What about during winter?
"Mom would tell me, 'Don't go without your coat outside. It's cold out. You'll catch a death of cold," said a man who says he did believe his mom at the time.
Well, the virus still has to get in your system and in winter, more people are in close quarters indoors. So you may be exposed to more infected people, but the virus may travel in cold, dry air better from a cough or sneeze. And when your nasal passages are cold, immune cells might not work as well.
"And as a result, the viruses, if they're present in the nasal passage, may replicate more effectively," explained Dr. Lopez. But the virus still has to be present to make you sick.
So we can verify, and the some people we stopped to talk to, figured it's not the temperature, but it's the spread of the virus that makes you sick. But the myth is still spread.

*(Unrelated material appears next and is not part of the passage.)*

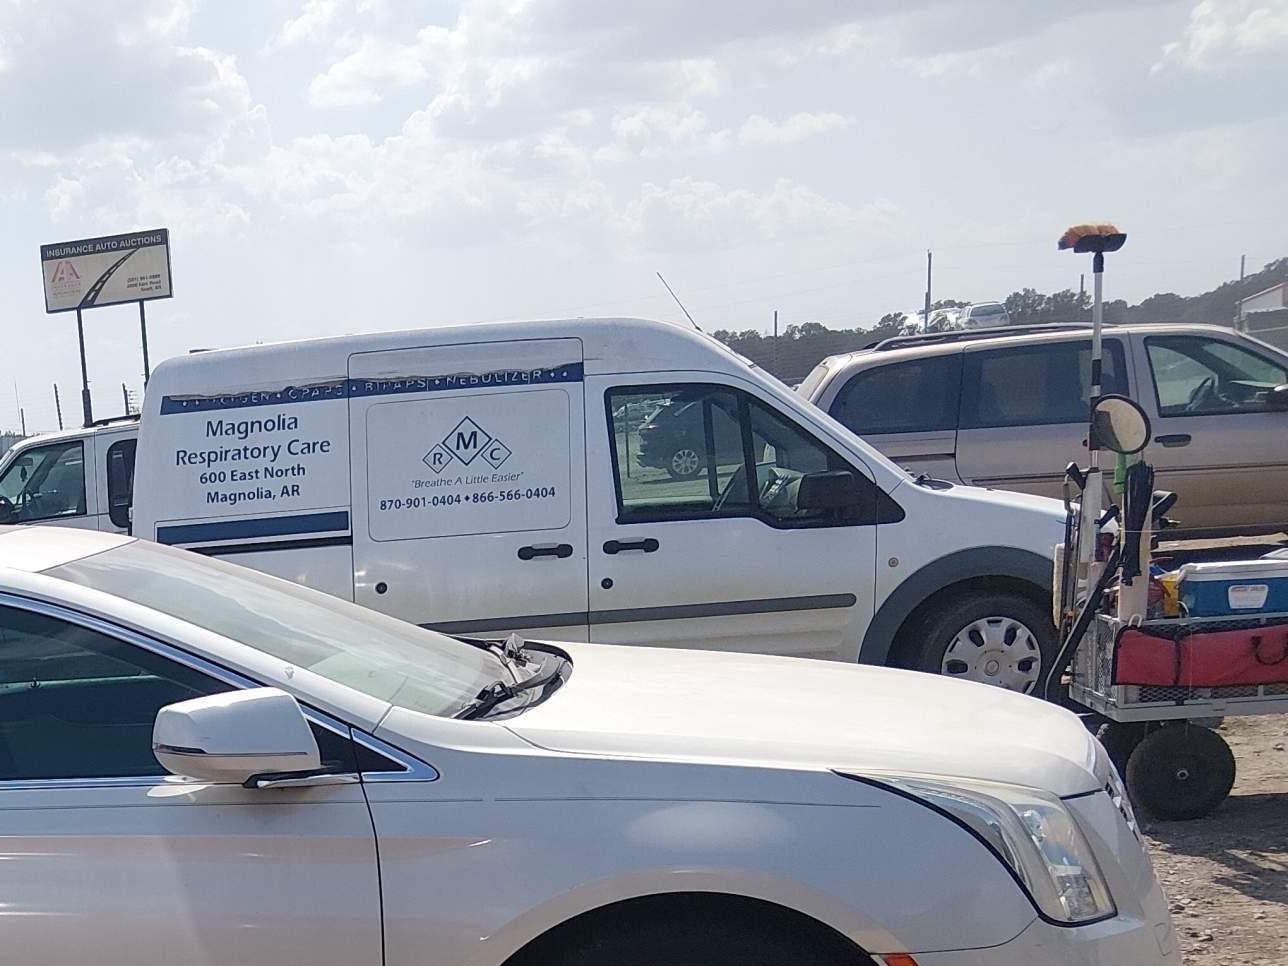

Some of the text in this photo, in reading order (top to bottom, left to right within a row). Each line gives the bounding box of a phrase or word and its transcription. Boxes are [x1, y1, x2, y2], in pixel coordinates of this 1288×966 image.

"Playing out in the rain, you get play in the rain, you're going to get sick. Lowers your immune system," another man remembers his mother saying. "But it's not true."
"Yes," said a young boy about his mother telling him the cold air conditioning would make him sick when coming in from a hot day. His mother standing next to him agreed, "I have."
But when asked if she thought her own words to her son were true? She replied, laughing, "No. I think you get sick with germs."
And she is right.
Dr. Lopez explained that there are more than 200 different cold viruses. And you don't get the same cold strain twice because your body builds immunity once you've been infected by a particular virus.